Simons Jan-Willem, Boverhof Bart-Jan, Aarts Emmeke
Department of Sociology, Utrecht University, Utrecht, The Netherlands.
Erasmus School of Health Policy & Management, Erasmus University Rotterdam, Rotterdam, The Netherlands.
PLoS One. 2024 Dec 11;19(12):e0314444. doi: 10.1371/journal.pone.0314444. eCollection 2024.
The hidden Markov model is a popular modeling strategy for describing and explaining latent process dynamics. There is a lack of information on the estimation performance of the Bayesian hidden Markov model when applied to categorical, one-level data.
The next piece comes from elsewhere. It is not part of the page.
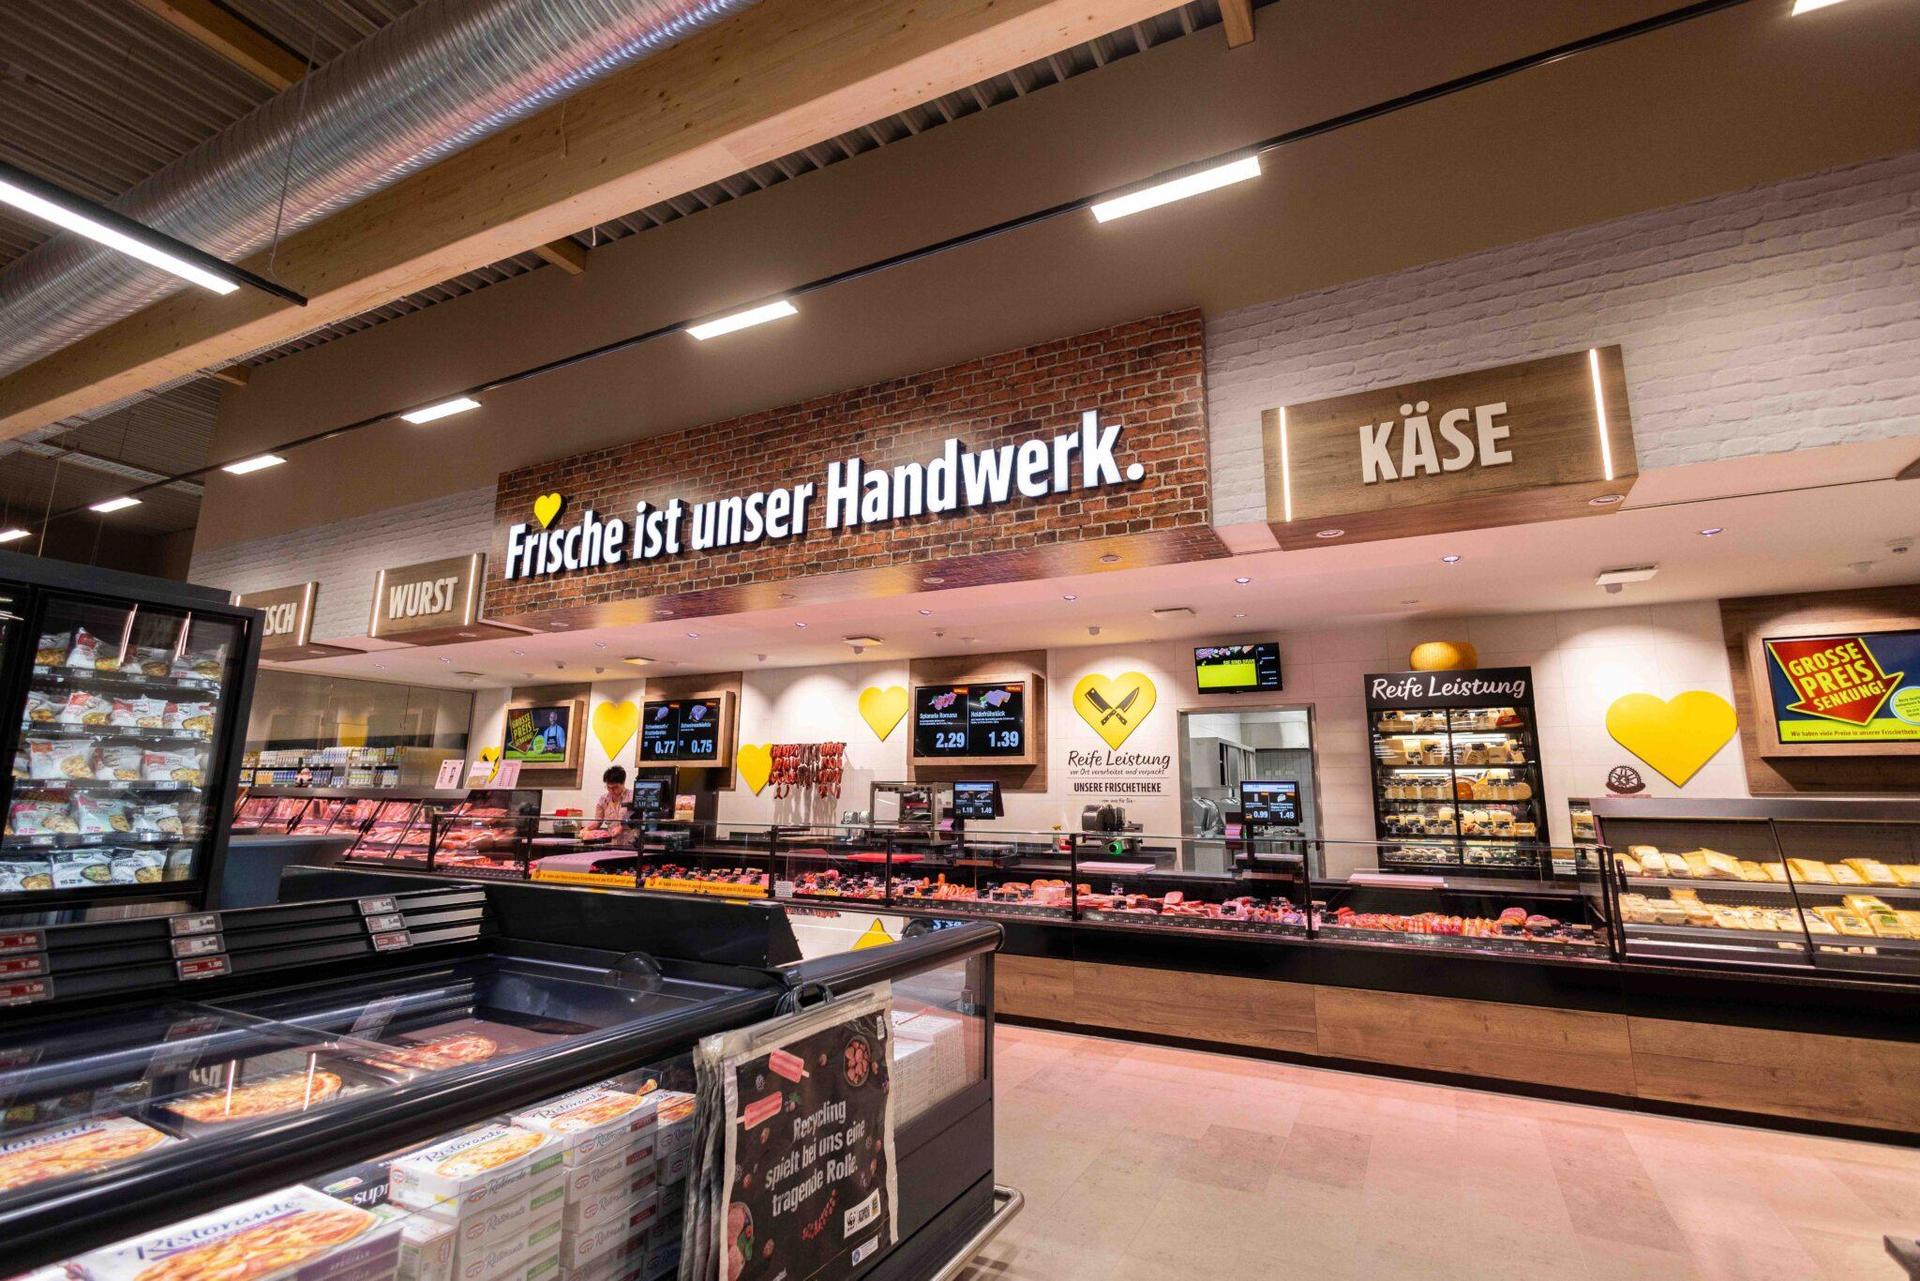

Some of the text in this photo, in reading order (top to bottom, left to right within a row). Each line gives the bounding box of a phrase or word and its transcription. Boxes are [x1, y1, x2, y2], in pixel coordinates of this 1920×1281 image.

We conducted a simulation study to assess the effect of the 1) number of observations (250-8.000), 2) number of levels in the categorical outcome variable (3-7), and 3) state distinctiveness and state separation in the emission distribution (low, medium, high) on the performance of the Bayesian hidden Markov model. Performance is quantified in terms of convergence, accuracy, precision, and coverage. Convergence is generally achieved throughout. Accuracy, precision, and coverage increase with a higher number of observations and an increased level of state distinctiveness, and to a lesser extent with an increased level of state separation. The number of categorical levels only marginally influences performance. A minimum of 1.000 observations is recommended to ensure adequate model performance.
隐马尔可夫模型是一种用于描述和解释潜在过程动态的流行建模策略。在应用于分类单水平数据时,关于贝叶斯隐马尔可夫模型的估计性能的信息较少。我们进行了一项模拟研究,以评估1)观察次数(250 - 8000)、2)分类结果变量中的水平数(3 - 7)以及3)发射分布中的状态独特性和状态分离度(低、中、高)对贝叶斯隐马尔可夫模型性能的影响。性能通过收敛性、准确性、精确性和覆盖率来量化。总体上在整个过程中都能实现收敛。准确性、精确性和覆盖率随着观察次数的增加和状态独特性水平的提高而增加,并且在较小程度上随着状态分离度水平的提高而增加。分类水平的数量对性能的影响很小。建议至少有1000次观察以确保模型有足够的性能。